**Task description**:
A word-for-word copy of all entries is required, without images.

*** Records shown Section Begins ***

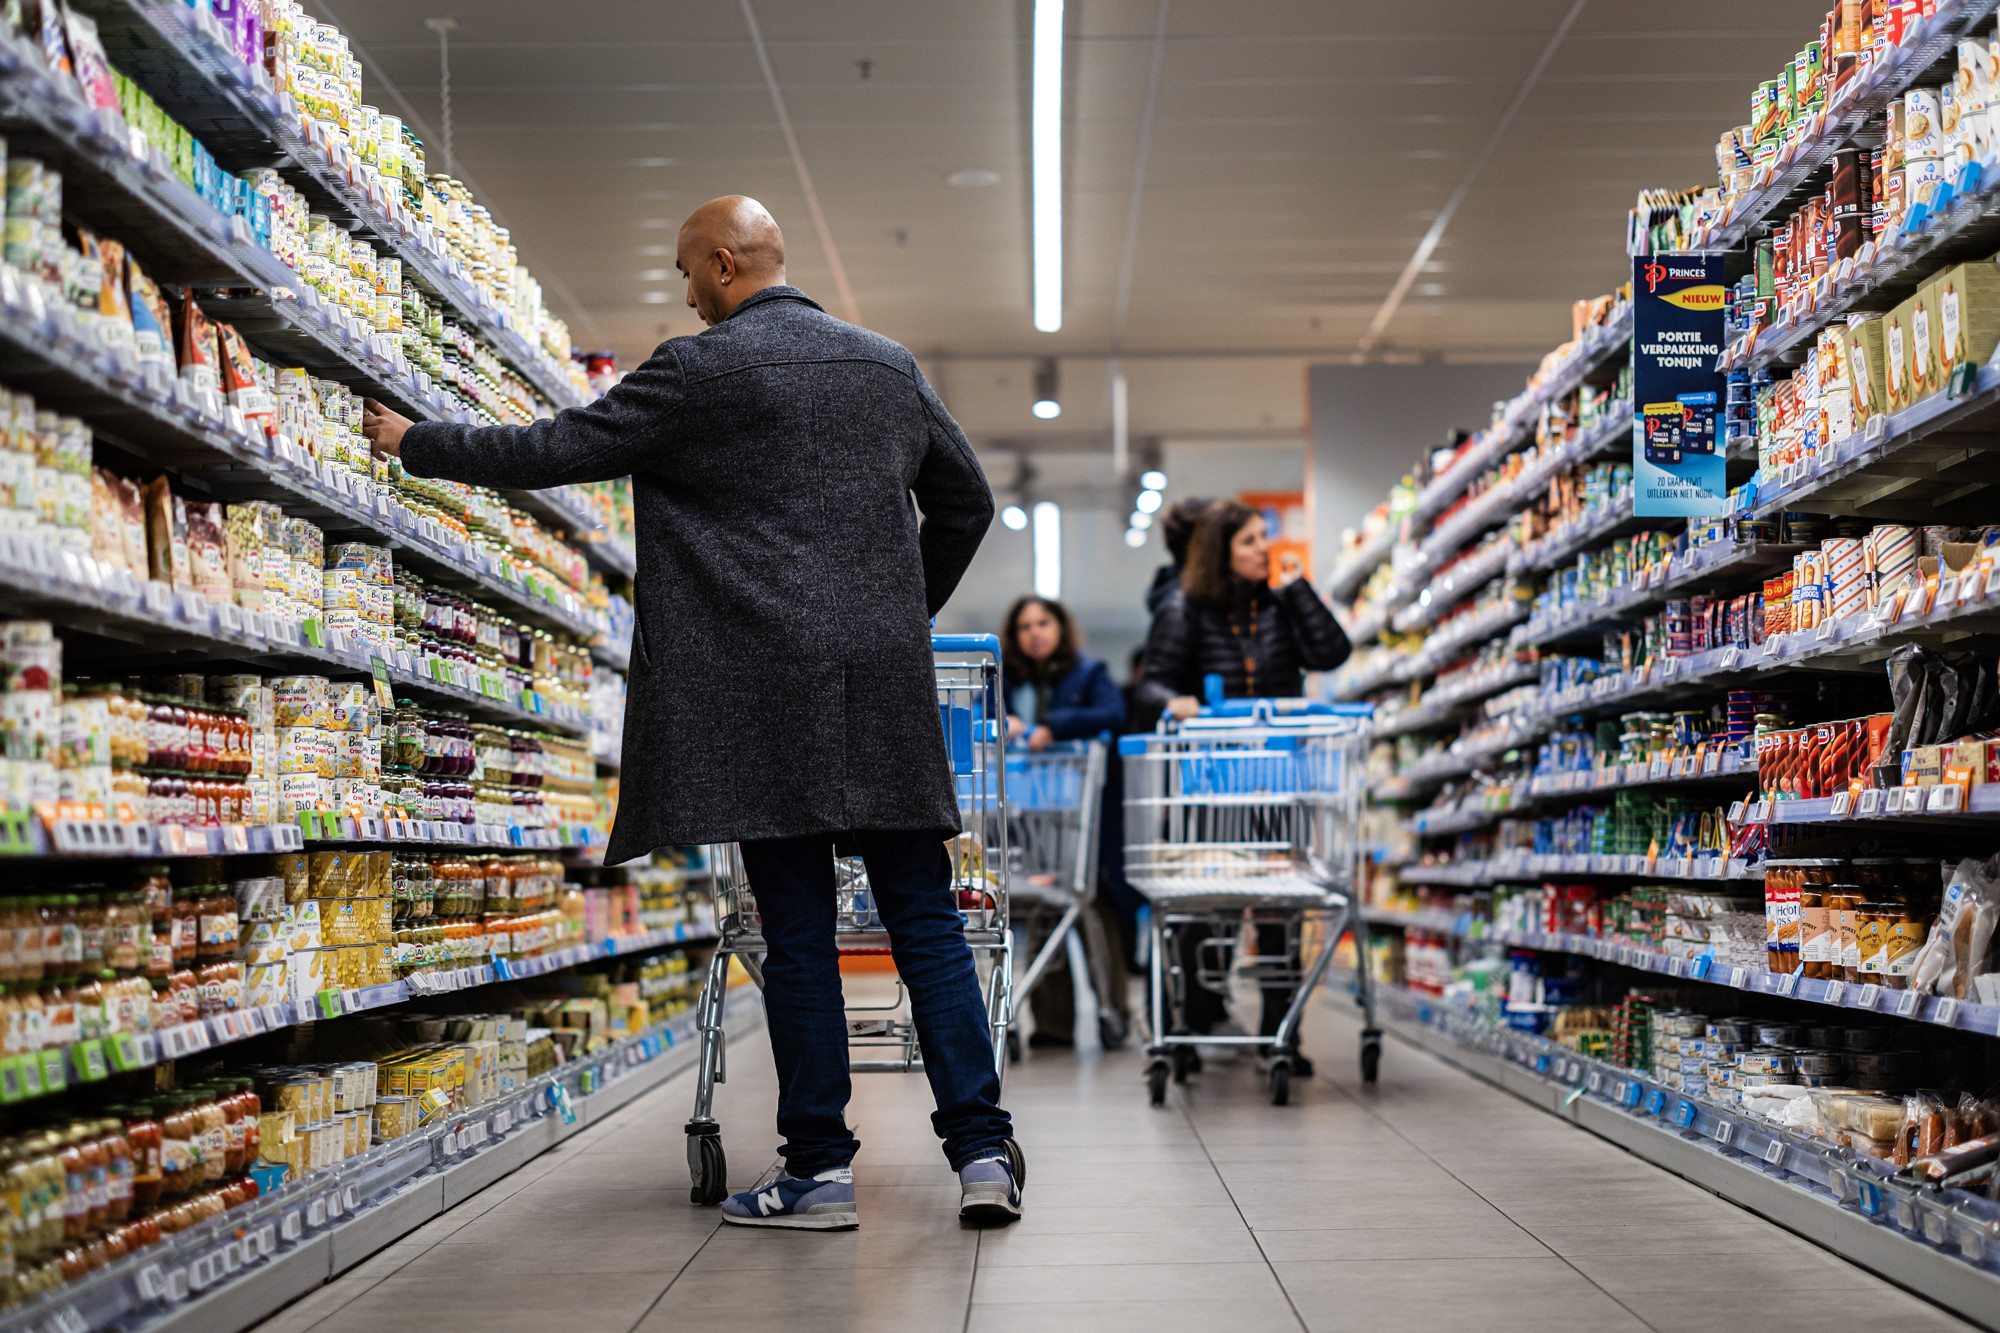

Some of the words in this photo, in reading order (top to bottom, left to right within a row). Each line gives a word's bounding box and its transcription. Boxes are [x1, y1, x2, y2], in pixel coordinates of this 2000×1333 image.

[317, 32, 339, 45] Bondu
[1907, 105, 1930, 116] KALFS
[1906, 132, 1936, 150] AGOUT
[1669, 268, 1706, 277] PRINCES
[1682, 295, 1721, 303] NIEUW
[1658, 332, 1701, 342] PORTIE
[1641, 344, 1718, 355] VERPAKKING
[1657, 357, 1702, 369] TONIJN
[1658, 477, 1666, 486] 20
[1668, 477, 1683, 486] GRAM
[1647, 489, 1678, 498] UITLEKKEN
[1680, 489, 1693, 498] NIET
[343, 549, 365, 557] Bonduell
[273, 684, 308, 695] Bonduelle
[294, 733, 316, 744] Bondu
[348, 736, 363, 747] Bond
[758, 1186, 784, 1216] N

*** Records shown Section Ends ***

**Answer to this task**:
Some of the words in this photo, in reading order (top to bottom, left to right within a row). Each line gives a word's bounding box and its transcription. Boxes are [x1, y1, x2, y2], in pixel coordinates of this 2000×1333 image.

[317, 32, 339, 45] Bondu
[1907, 105, 1930, 116] KALFS
[1906, 132, 1936, 150] AGOUT
[1669, 268, 1706, 277] PRINCES
[1682, 295, 1721, 303] NIEUW
[1658, 332, 1701, 342] PORTIE
[1641, 344, 1718, 355] VERPAKKING
[1657, 357, 1702, 369] TONIJN
[1658, 477, 1666, 486] 20
[1668, 477, 1683, 486] GRAM
[1647, 489, 1678, 498] UITLEKKEN
[1680, 489, 1693, 498] NIET
[343, 549, 365, 557] Bonduell
[273, 684, 308, 695] Bonduelle
[294, 733, 316, 744] Bondu
[348, 736, 363, 747] Bond
[758, 1186, 784, 1216] N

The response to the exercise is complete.